In 1857, when he was 17, Shaw Loo left for Calcutta for university. During the Indian Mutiny in 1858, he traveled to the United States on a ship, working as a cabin boy. As he had no money, he took on odd jobs to make a living until he was able to go to the University at Lewisburg (now Bucknell University) in Pennsylvania. There he studied Greek, Latin, philosophy, history, and science. He became the university's first international student. He enrolled at Cleveland Medical College and received his medical degree in 1867, becoming the first western-trained Burmese physician. In the same year, the University of Lewisburg also awarded him an M.A. degree.

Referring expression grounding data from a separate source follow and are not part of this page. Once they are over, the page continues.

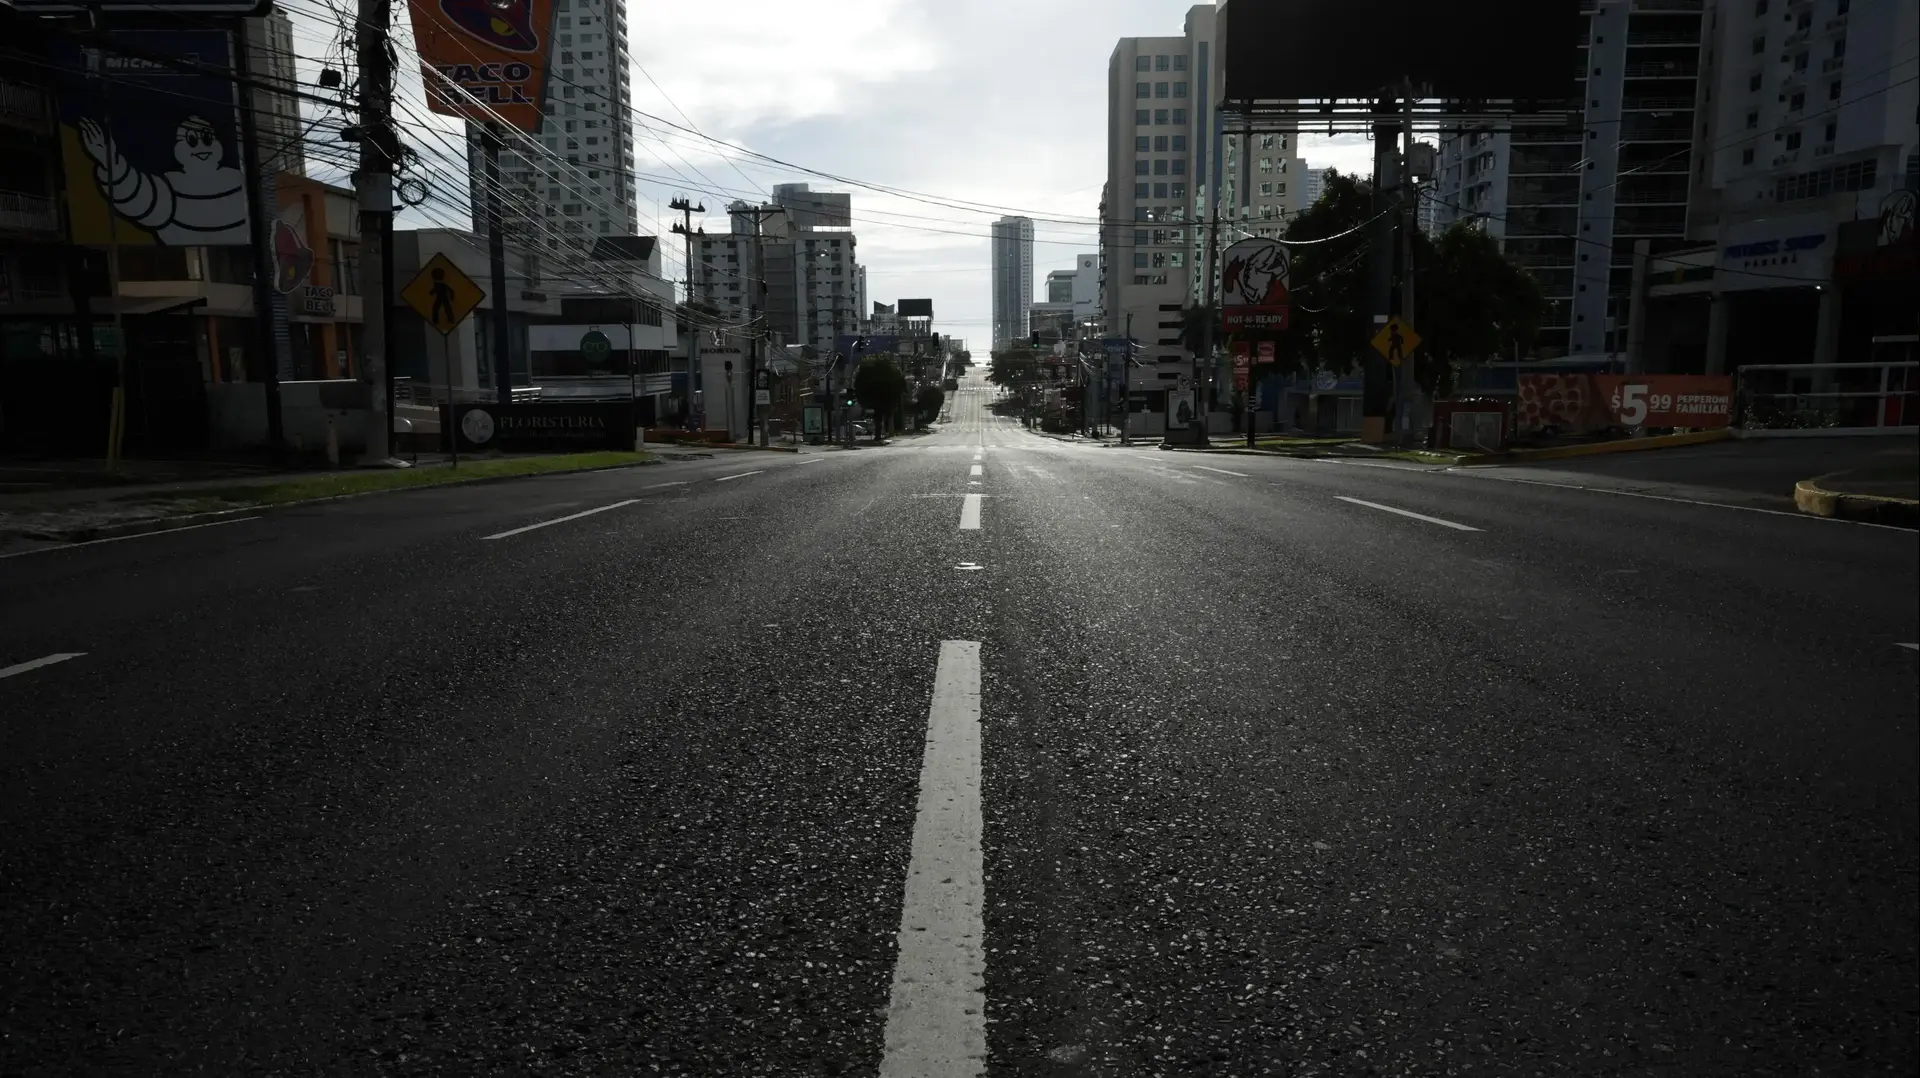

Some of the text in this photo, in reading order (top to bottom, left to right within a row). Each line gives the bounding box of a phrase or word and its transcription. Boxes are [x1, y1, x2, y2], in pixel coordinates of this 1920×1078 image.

[436, 62, 532, 84] TACO
[438, 85, 536, 106] BELL
[303, 286, 334, 298] TACO
[304, 299, 337, 312] BELL
[1676, 394, 1729, 404] PEPPERONI
[1676, 403, 1728, 414] FAMILIAR

In 1867, Shaw Loo met President Andrew Johnson, and persuaded him to write a recommendation letter to King Mindon. Upon his return to Burma, Shaw Loo was received by King Mindon in Mandalay. The king allowed him to stay in the north royal garden, and offered him a position at the royal court. However, Shaw Loo declined the offer. He only stayed at the palace for about 20 days before returning to Moulmein, where he spent most of his professional life serving patients and educating students. In February 1878, he compiled a medical book called Painkiller. It was published by U Ni at the Moulmein Aswe Printing House. Shaw Loo was baptized by Adoniram Judson. He died on 10 October 1929 in Moulmein at the age of 90.

==Family==
Shaw Loo was married twice. In 1869, while working as a teacher at Rangoon Government High School. He married Lucy Pereira, daughter of a British captain. They had seven children. His wife died while giving birth to the youngest child. After two years, he married Shwe Pwint, and the couple had three children.

==Legacy==
Ninety years after Shaw Loo's arrival at Lewisburg, the University of Lewisburg created Burma-Bucknell Weekends to honor its unique and long-lasting ties with Burma. From 1949 to 1966, 16 Burma-Bucknell Weekends were held; Burmese students from nearby colleges and personnel from the Burmese Embassy were invited as a symbol of friendship between the country and Bucknell. The Burma-Bucknell Bowl Award, a symbol of friendship between Burma and Bucknell, is awarded annually to students and academics who have made significant contributions to intercultural and international understanding.